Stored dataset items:
================
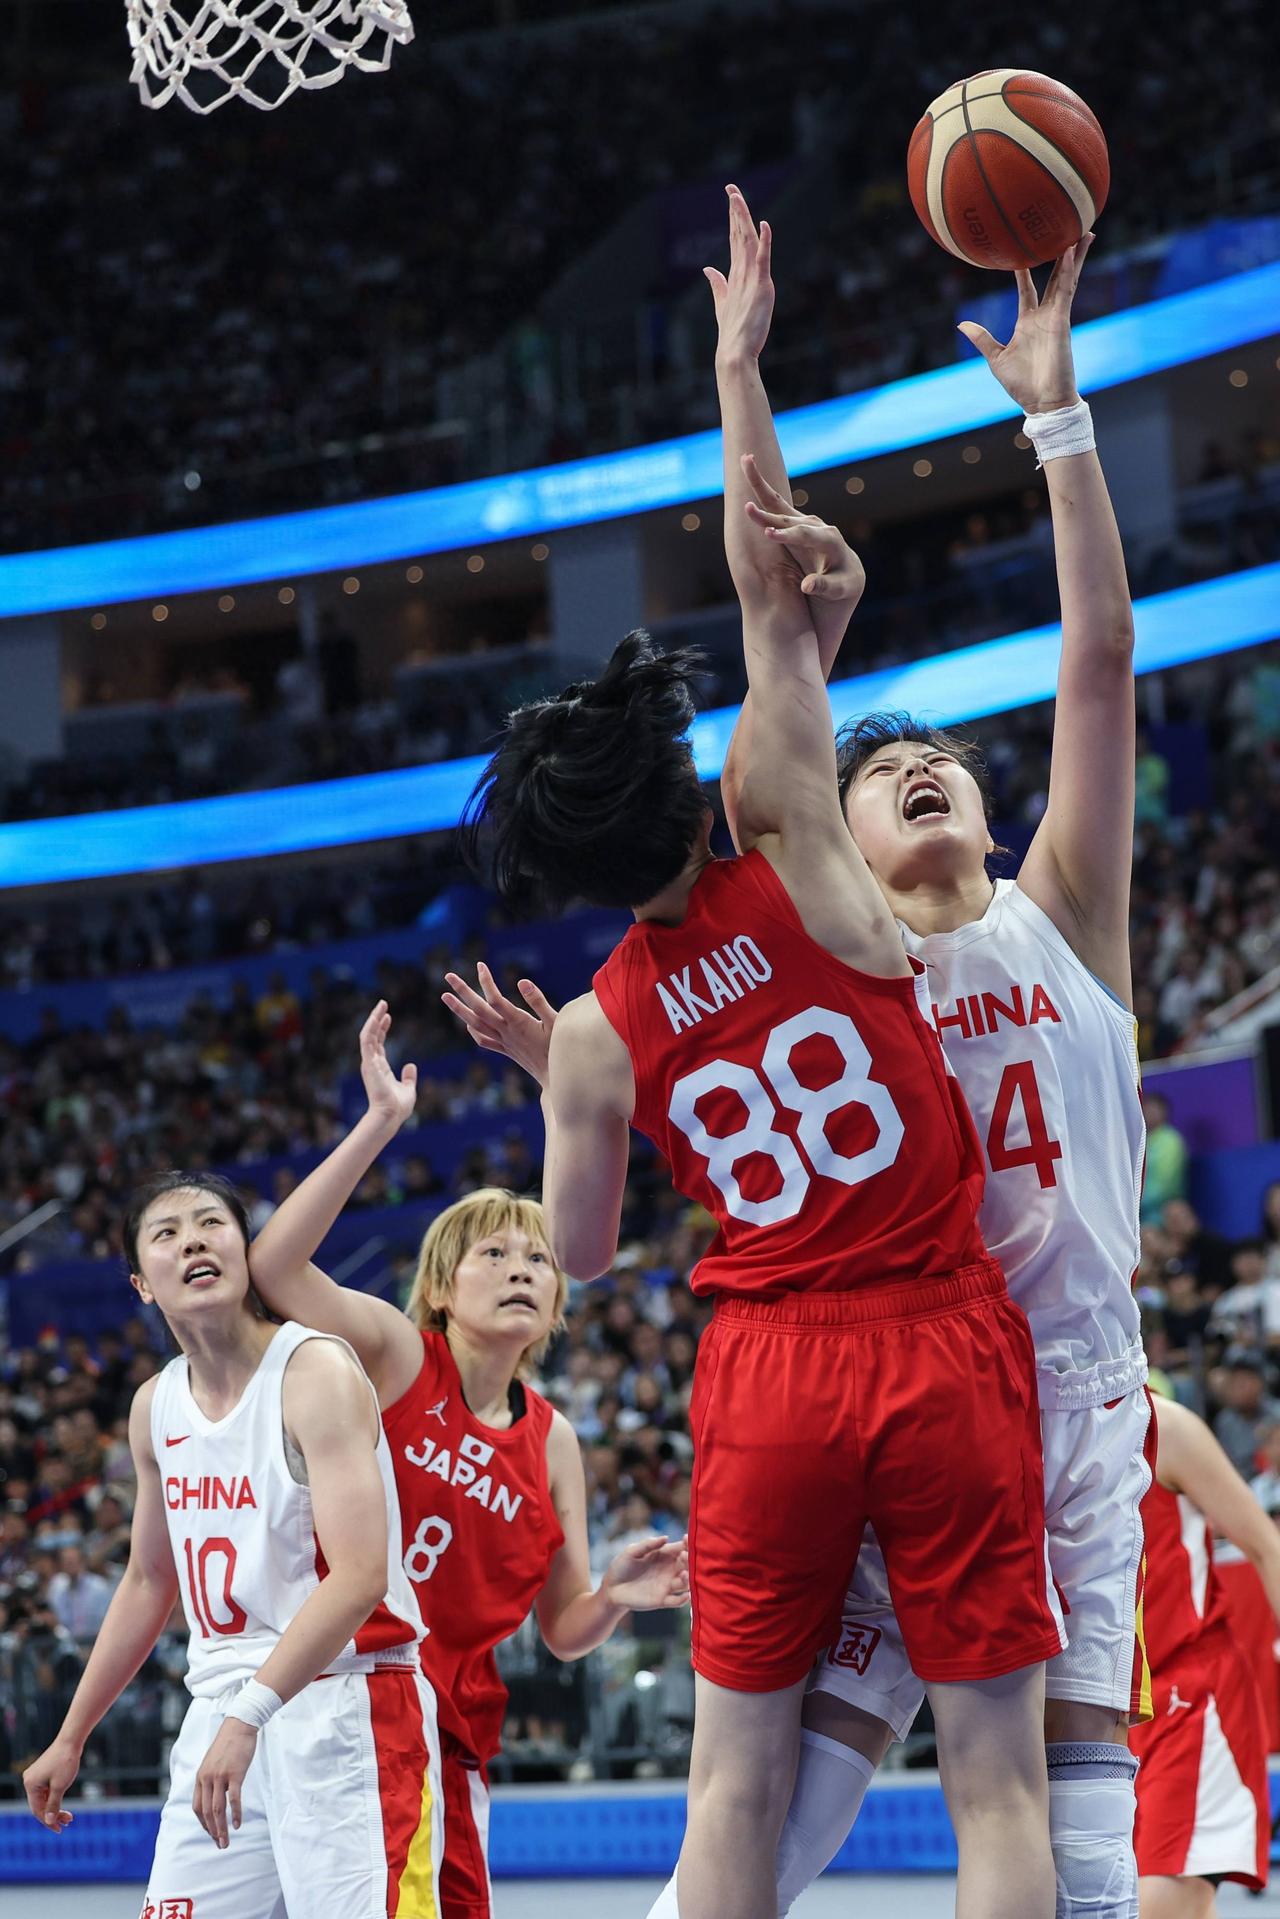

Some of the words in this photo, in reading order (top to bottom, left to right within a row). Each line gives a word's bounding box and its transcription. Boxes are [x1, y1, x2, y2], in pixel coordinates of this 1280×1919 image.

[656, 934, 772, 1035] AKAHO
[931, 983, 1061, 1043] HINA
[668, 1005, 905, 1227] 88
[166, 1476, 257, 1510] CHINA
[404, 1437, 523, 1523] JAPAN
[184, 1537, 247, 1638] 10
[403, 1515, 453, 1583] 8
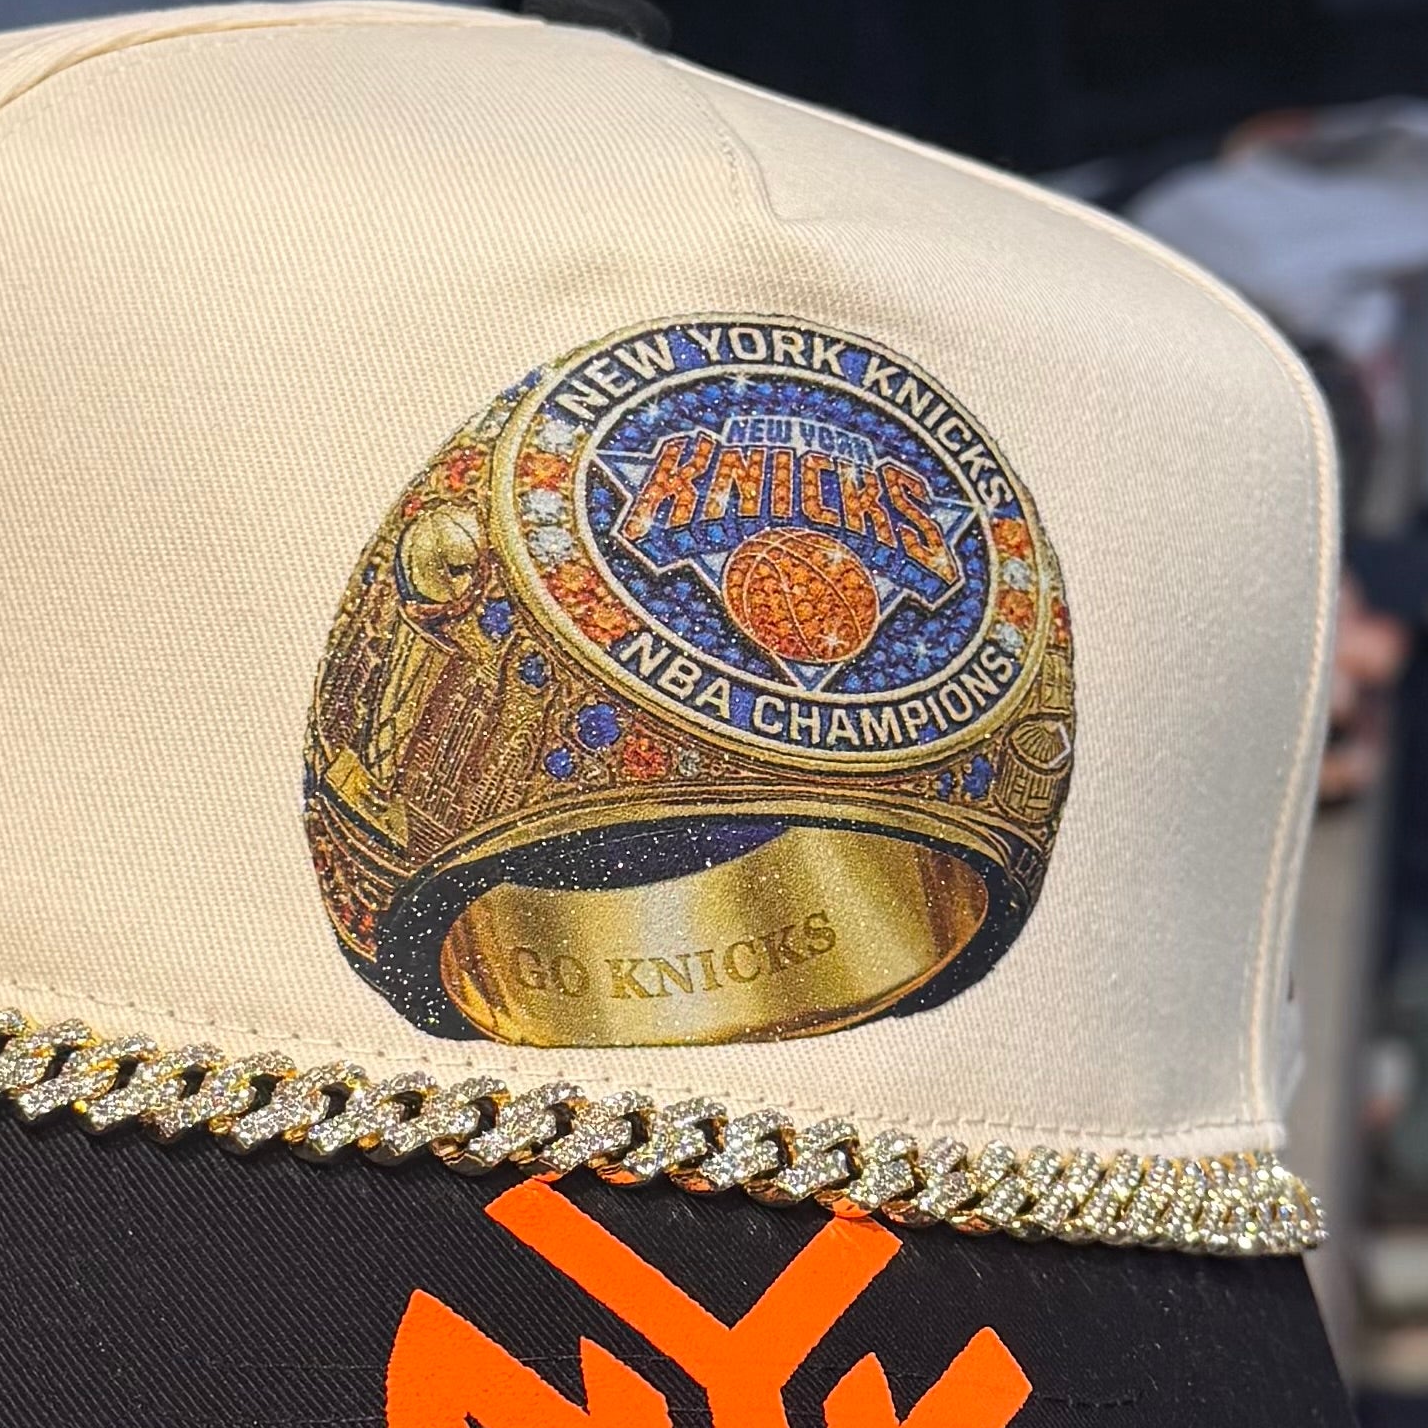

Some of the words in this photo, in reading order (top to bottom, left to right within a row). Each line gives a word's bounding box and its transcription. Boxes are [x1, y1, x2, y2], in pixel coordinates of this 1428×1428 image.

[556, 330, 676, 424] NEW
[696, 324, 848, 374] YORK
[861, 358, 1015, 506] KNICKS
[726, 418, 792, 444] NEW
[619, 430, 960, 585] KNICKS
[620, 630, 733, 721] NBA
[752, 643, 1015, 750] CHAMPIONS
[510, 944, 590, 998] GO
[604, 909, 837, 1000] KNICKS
================
=== WHAT THIS TASK INVOLVES ===
Starting at the line with "this 1428×1428 image.", copy each line through the end of the data, both ends included, and give nothing else.

=== TASK RESULT ===
Some of the words in this photo, in reading order (top to bottom, left to right within a row). Each line gives a word's bounding box and its transcription. Boxes are [x1, y1, x2, y2], in pixel coordinates of this 1428×1428 image.

[556, 330, 676, 424] NEW
[696, 324, 848, 374] YORK
[861, 358, 1015, 506] KNICKS
[726, 418, 792, 444] NEW
[619, 430, 960, 585] KNICKS
[620, 630, 733, 721] NBA
[752, 643, 1015, 750] CHAMPIONS
[510, 944, 590, 998] GO
[604, 909, 837, 1000] KNICKS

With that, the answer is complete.